Discussion: Consider a scale that weighs up to a maximum of 100g, has a readability of 0.001g or 1mg, and precision of half that, or 0.5mg. This means that when the scale reads 0.001g or reads a change that is only 1mg in size, such as a cut that lowers the weight from 0.069mg to 0.068mg, the scale is actually rounding up or rounding down. So when the scale reads 0.002g, the actual weight could be as high as 0.0024g or as low as 0.0015g, or anywhere from 2.4mg to 1.5mg. While the difference between 50.0024g and 50.0015g may not be significant, this same difference can become very significant during drug tapering that involves weighing amounts that are close to the lower end of what the scale can measure: A 20mg weight of powder could actually be as much as 20.4mg or as little as 19.5mg – which is already about a 5% difference in possible drug amounts before even making a cut. Even more seriously, while aiming for 2mg in weight of drug powder, a person could end up taking exactly 2mg one day, then 1.5mg the next day and 2.4mg the next day – so in effect the person will on the first day be taking their intended dose, then unknowingly decreasing that drug dose by 25% the next day, then unknowingly increasing that dose by 60% the next day, and so on. (For more information about using digital scales and calculating error rates and levels of accuracy, this article on mixing concrete and pigments is instructive.) 

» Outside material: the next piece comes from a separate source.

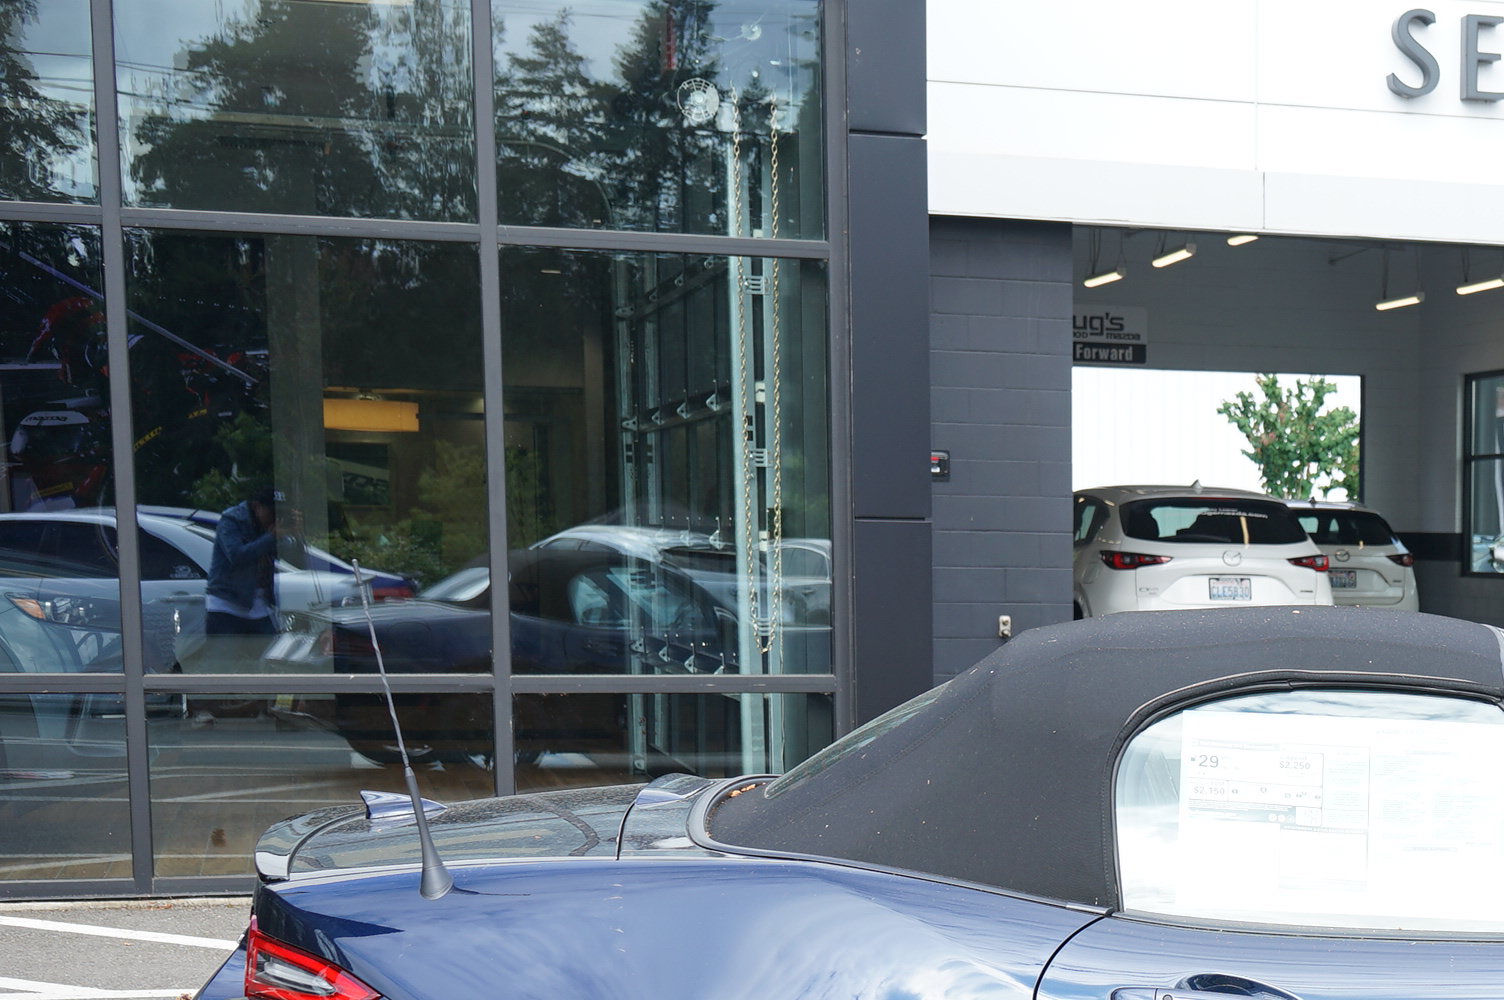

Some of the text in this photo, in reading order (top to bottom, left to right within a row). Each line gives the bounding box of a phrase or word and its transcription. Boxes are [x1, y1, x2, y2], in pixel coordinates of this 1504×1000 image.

[1073, 312, 1125, 336] ug's
[1076, 344, 1133, 361] Forward
[1199, 754, 1219, 768] 29
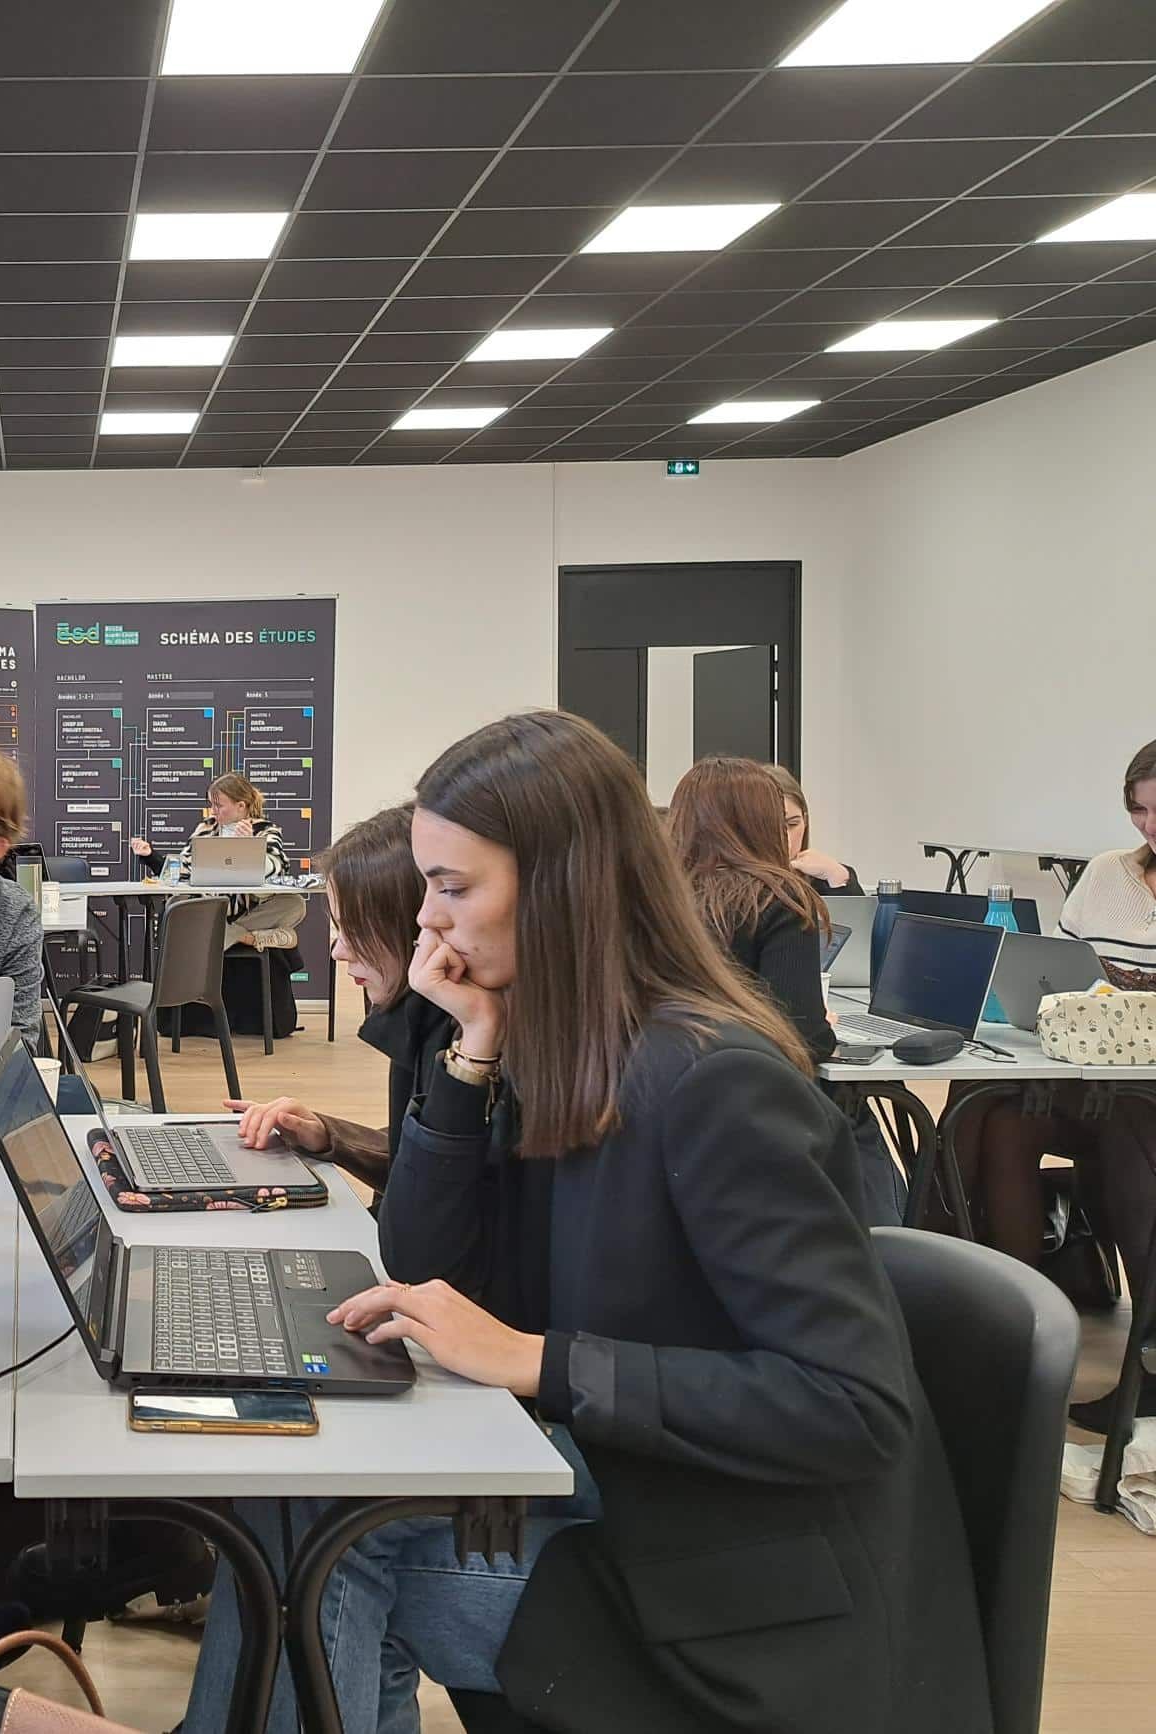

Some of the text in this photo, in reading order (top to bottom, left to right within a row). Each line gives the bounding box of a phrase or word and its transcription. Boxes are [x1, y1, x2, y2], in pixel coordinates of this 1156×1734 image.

Layperson tips if a taper plan pushes against the limits of a digital scale’s accuracy

  • Use a Cut-and-hold schedule instead of a Daily Microtaper to reduce the necessity of trying to achieve extremely tiny variations in cuts.
     
  • Consider if the significance of the scale’s errors could be lessened by working with multiple tablets or capsules at once, thereby increasing the overall base weight on the scale.
     
  • Use a pharmaceutical-grade powder filler to increase the base weight of the drug and thereby reduce the significance of the scale’s error rate. (See instructions here.)
     
  • Caution: Some people have anecdotally reported increasing the base weight they’re measuring by adding a coin or other known weight to the scale alongside the drug – but while this may make the scale’s display readings appear more consistent, in fact this typically does not actually improve the ability of a scale to accurately measure these relatively tiny weights or weight changes in the amount of drug itself.